TASK GOAL => Could the entries below be reproduced exactly, with the images removed?

DATASET RECORDS =>

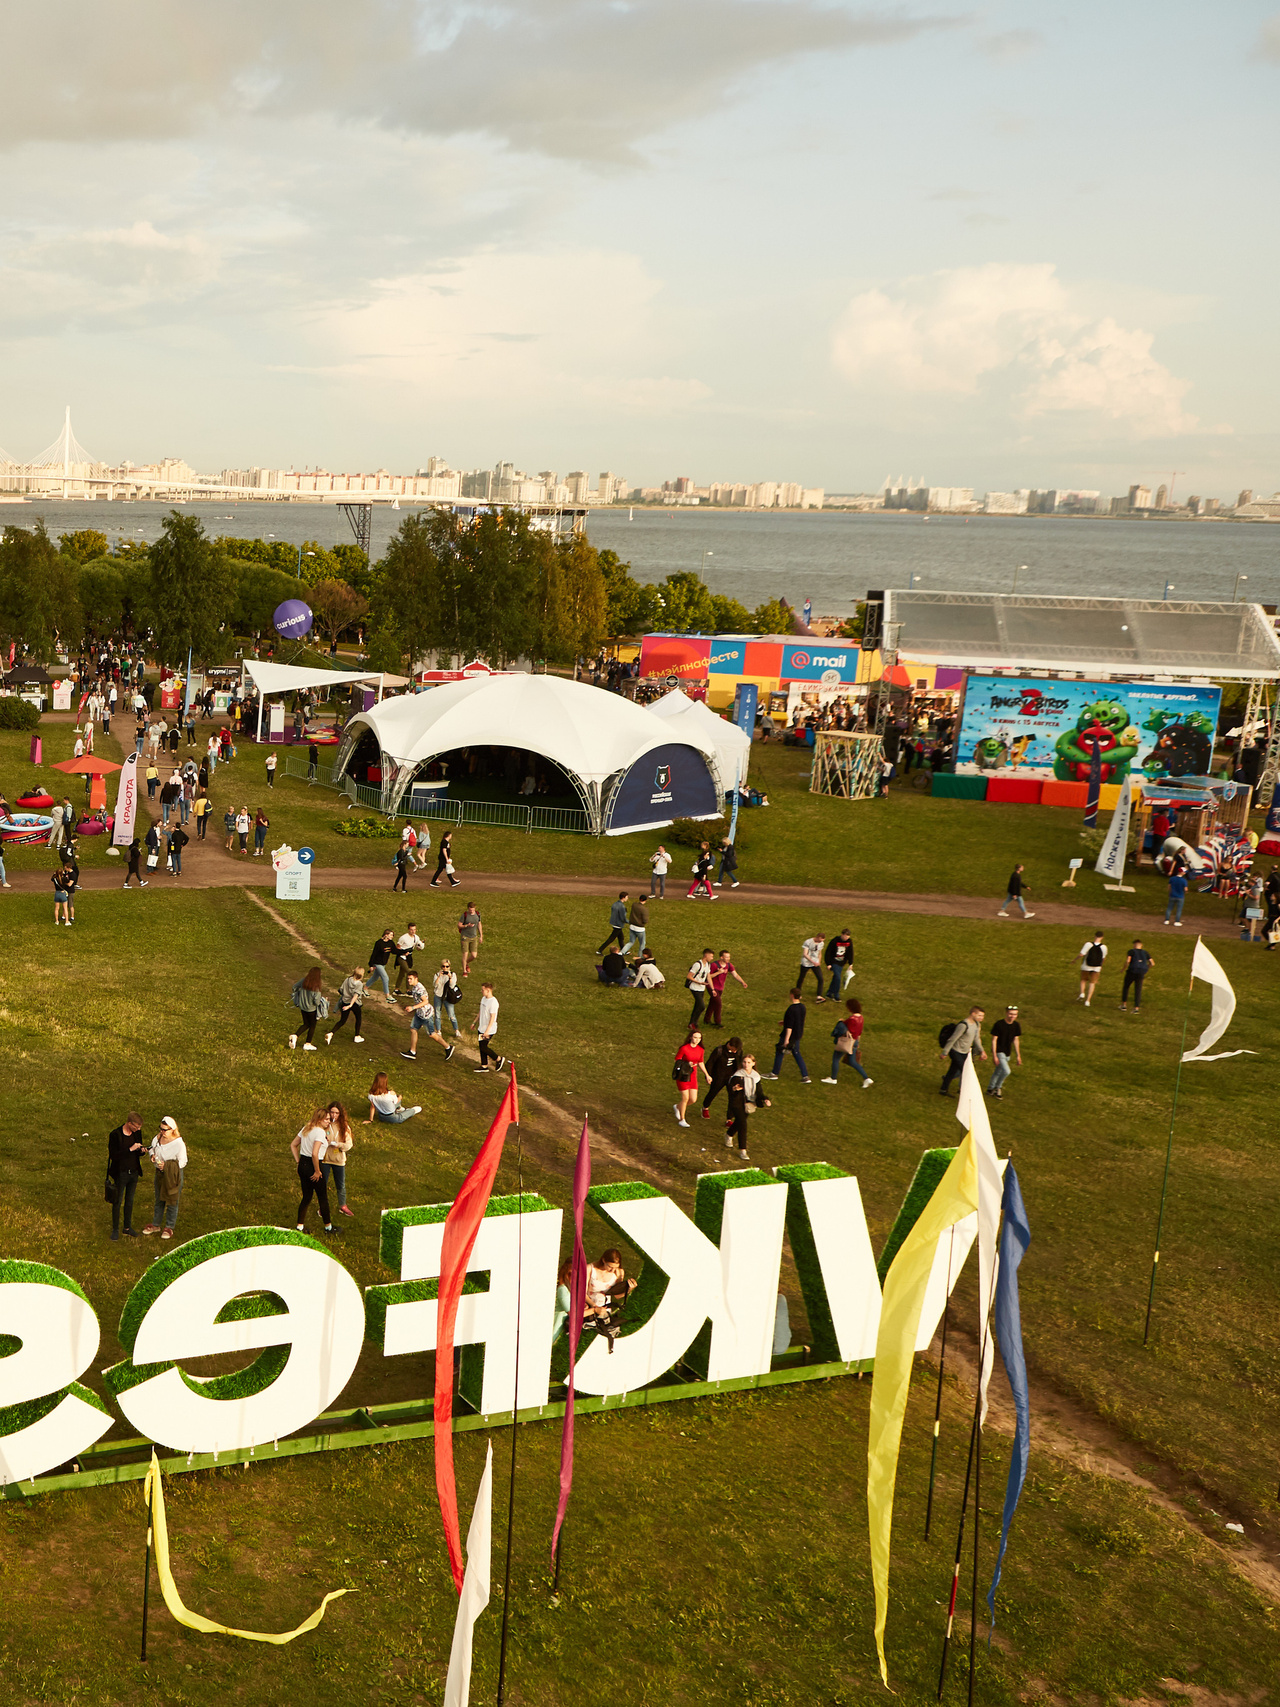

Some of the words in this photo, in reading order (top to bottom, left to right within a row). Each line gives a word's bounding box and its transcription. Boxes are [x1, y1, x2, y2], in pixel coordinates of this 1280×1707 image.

[276, 613, 307, 630] curious
[812, 655, 847, 668] mail
[990, 695, 1029, 709] ANGRY
[1032, 697, 1070, 710] BIRDS
[123, 778, 134, 825] КРАСОТА
[1104, 832, 1122, 871] HOCKEY

WRITTEN ANSWER =>
Some of the words in this photo, in reading order (top to bottom, left to right within a row). Each line gives a word's bounding box and its transcription. Boxes are [x1, y1, x2, y2], in pixel coordinates of this 1280×1707 image.

[276, 613, 307, 630] curious
[812, 655, 847, 668] mail
[990, 695, 1029, 709] ANGRY
[1032, 697, 1070, 710] BIRDS
[123, 778, 134, 825] КРАСОТА
[1104, 832, 1122, 871] HOCKEY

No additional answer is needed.